How the AFN’s fiscal agreement with INAC almost fell apart in the final hours

“We did not discuss the MOU specific at the executive table — PERIOD!”

Kenneth Jackson
APTN National News
NIAGARA FALLS – An agreement that supposedly lifts the two per cent cap on funding to First Nations programs and helps get money flowing into the communities became a source of controversy and heated debate between AFN National Chief Perry Bellegarde and Ontario Regional Chief Isadore Day behind the scenes at this year’s annual general assembly.

Bellegarde signed the fiscal agreement or memorandum of understanding (MOU), with Indigenous Affairs Minister Carolyn Bennett on Tuesday.

But two executive chiefs wanted the signing delayed saying more consultation was needed according to a chain of emails leaked to APTN National News.

According to the emails, the AFN executive saw the document for the first time on Sunday as part of their “executive kits” which were prepared for the 37th annual general assembly.

“Some chiefs concerned about this fiscal relations signing,” wrote Saskatchewan Regional Chief Bobby Cameron in an email to the AFN executive Monday. “Do we as AFN exec proceed and wait for more dialogue from our folks?”

Ontario Regional Chief Isadore Day said the MOU signing needed a special motion to move forward, writing it was being “rammed through”.

“I did not agree to the MOU; we are going to have to address this,” Day wrote addressing Bellegarde. “We did not discuss the MOU specific at the executive table — PERIOD!”

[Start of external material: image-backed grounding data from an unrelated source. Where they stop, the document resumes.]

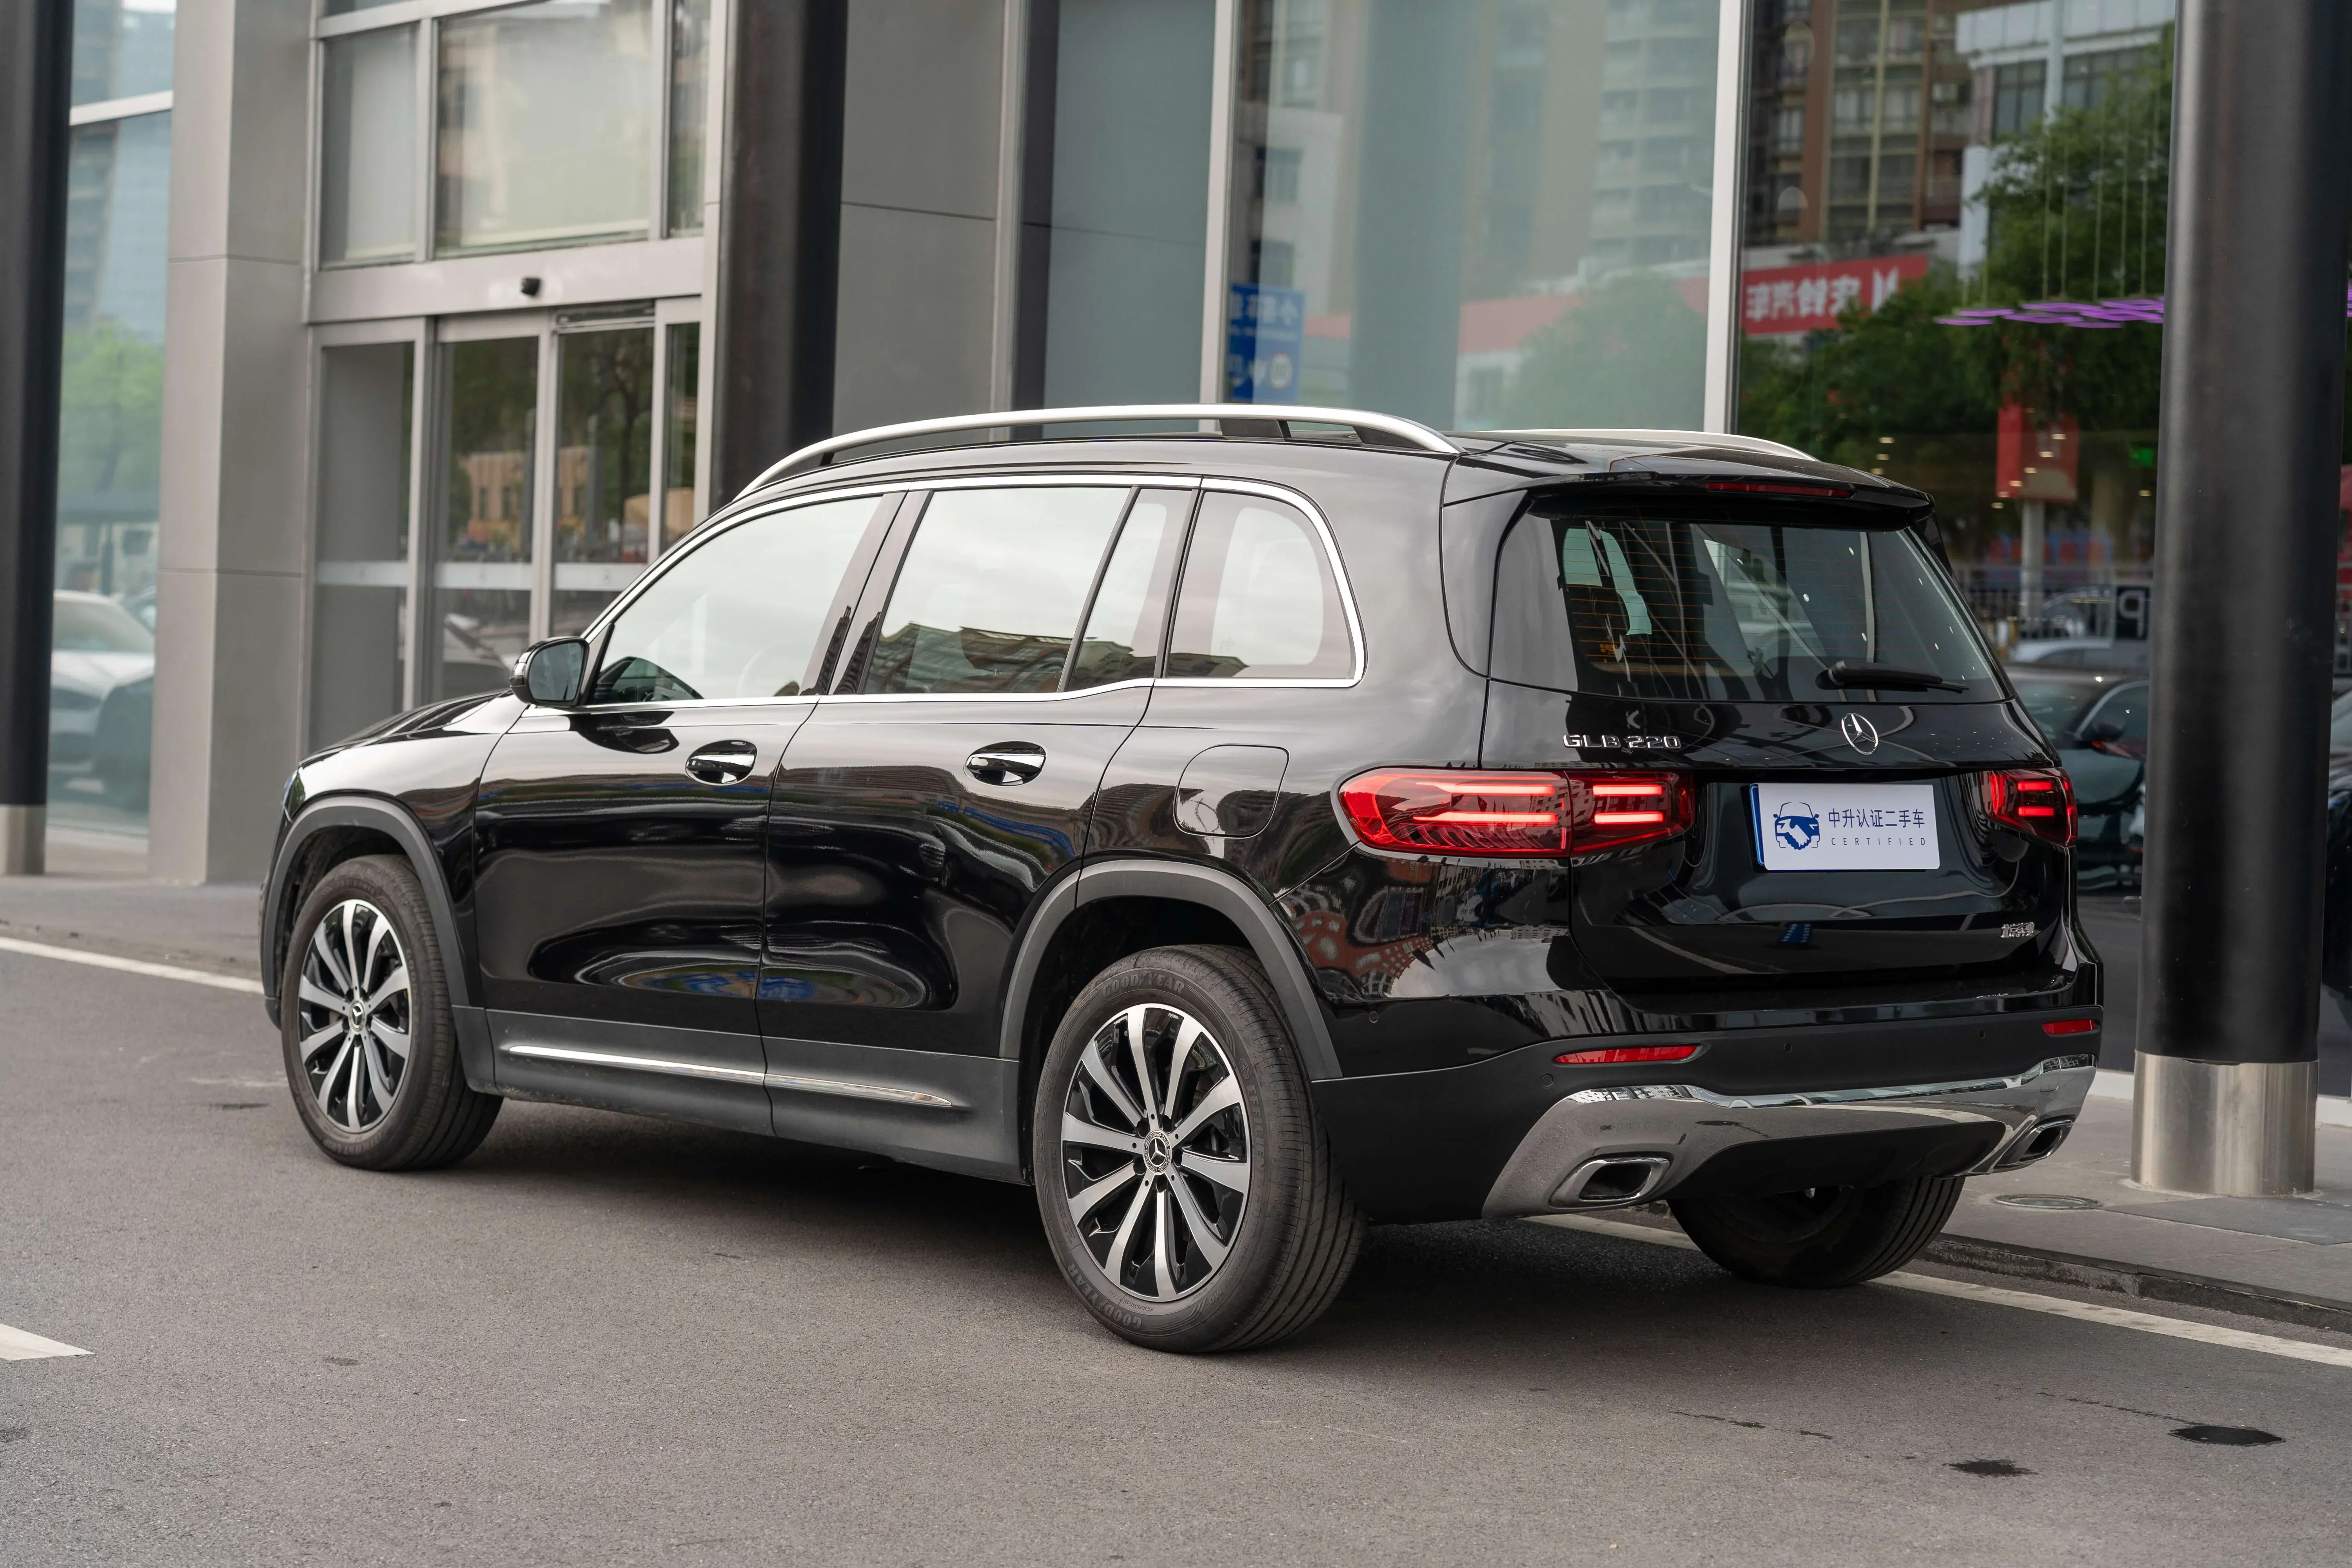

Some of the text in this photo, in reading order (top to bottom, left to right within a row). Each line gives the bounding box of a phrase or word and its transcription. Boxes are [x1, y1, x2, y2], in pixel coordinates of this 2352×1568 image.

[1563, 734, 1681, 749] GLB 220
[1828, 808, 1925, 828] 中升认证二手车
[1831, 837, 1926, 846] CERTIFIED
[2000, 922, 2035, 938] 北京奔驰
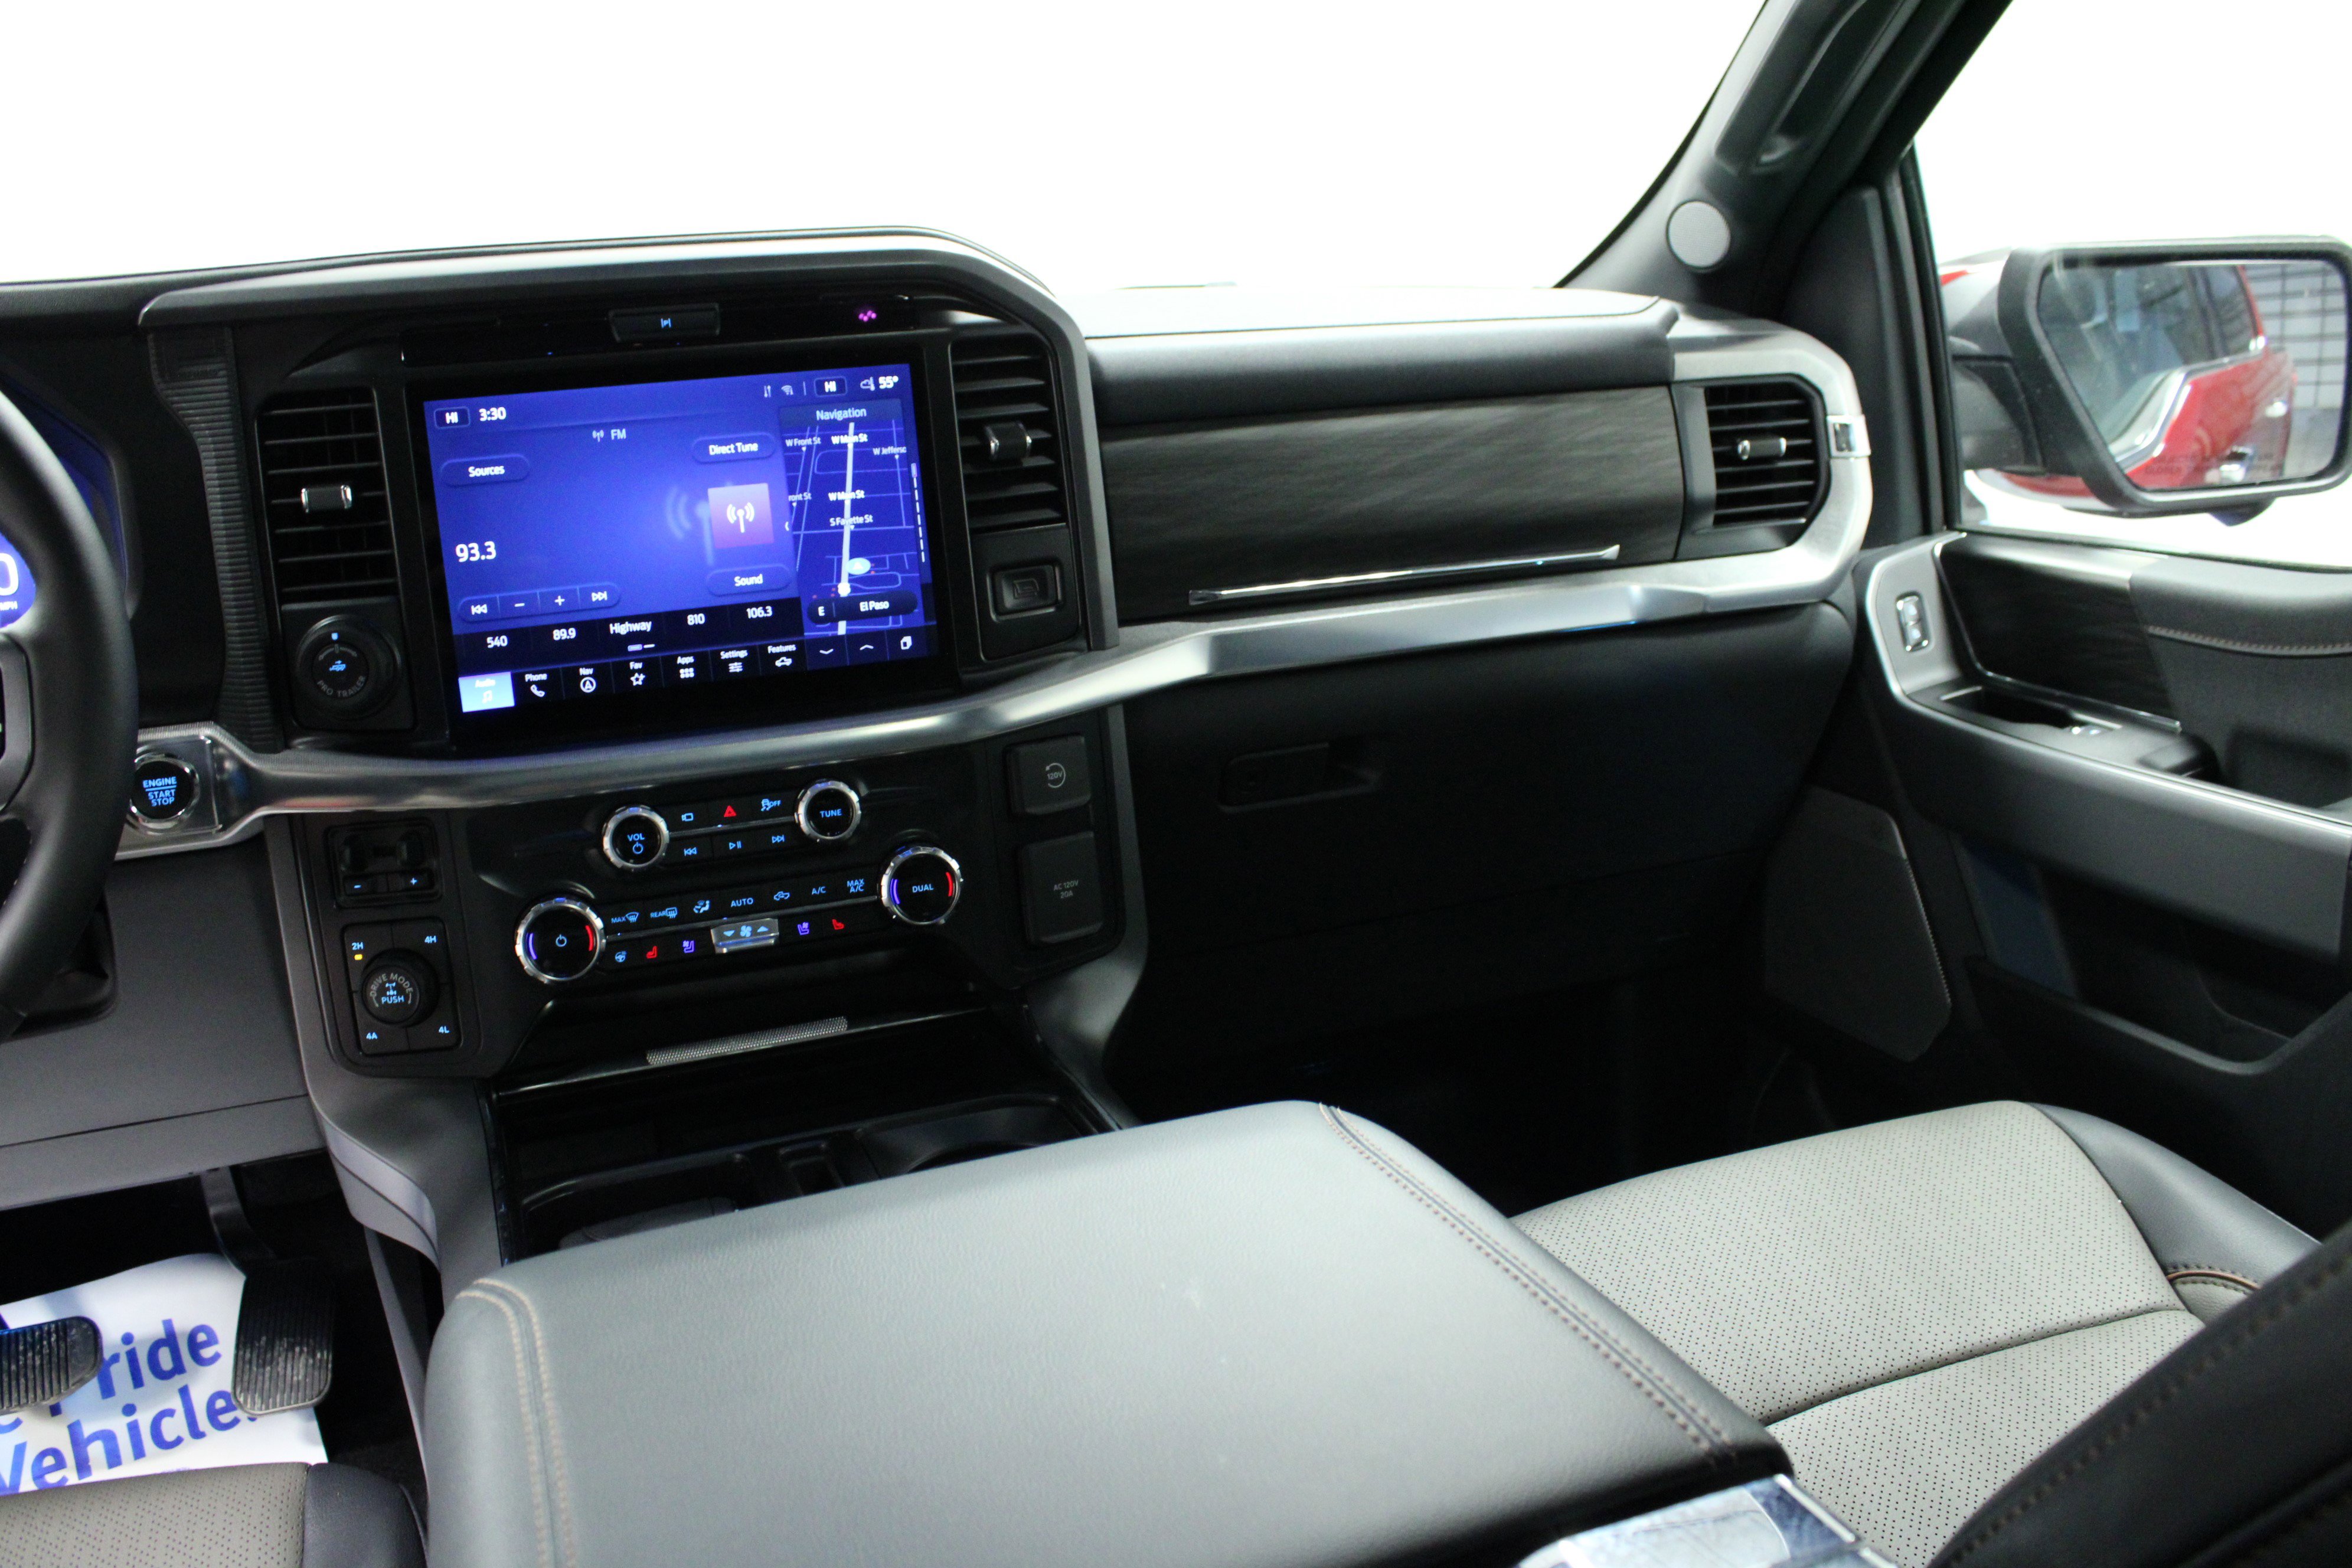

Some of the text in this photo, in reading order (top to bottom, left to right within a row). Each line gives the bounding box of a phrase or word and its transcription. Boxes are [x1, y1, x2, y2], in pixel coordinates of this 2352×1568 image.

That email followed what appeared to be a heated telephone call between Day and Bellegarde earlier that day that ended with Bellegarde hanging up Day.

“Your tone and questioning my ‘unity being nothing but bullshit’ – is very unbecoming of our efforts to collaborate,” wrote Day. “You indicated that INAC folks are hyped up and excited about signing this MOU and that ‘I’ (you) are going ahead. Perry, we need to examine closer.”

Bellegarde responded that the AFN executive would hold an emergency meeting Monday night to vote on a motion to proceed.

“This is about getting rid of the 2 percent cap and reestablishing our Chiefs Committee on fiscal and getting long term sustainable funding for our first Nations,” replied Bellegarde. “We are on solid ground with this and are proceeding with the signing ceremony.”

Later that night the AFN executive voted to proceed as Bellegarde said they were going to, but Day abstained from voting in protest.

The next day at the opening of the ceremony Bellegarde and Bennett signed the MOU. It’s not clear how the MOU will help with the federal government funding First Nations or what role the AFN will play in doing that. But they did say a working group would be made.

Day avoided questions from APTN Tuesday about the tension.

Bellegarde held a press conference and APTN asked him about what happened the day before.

He said the MOU was the product of chiefs’ mandates and resolutions to get the two per cent cap removed.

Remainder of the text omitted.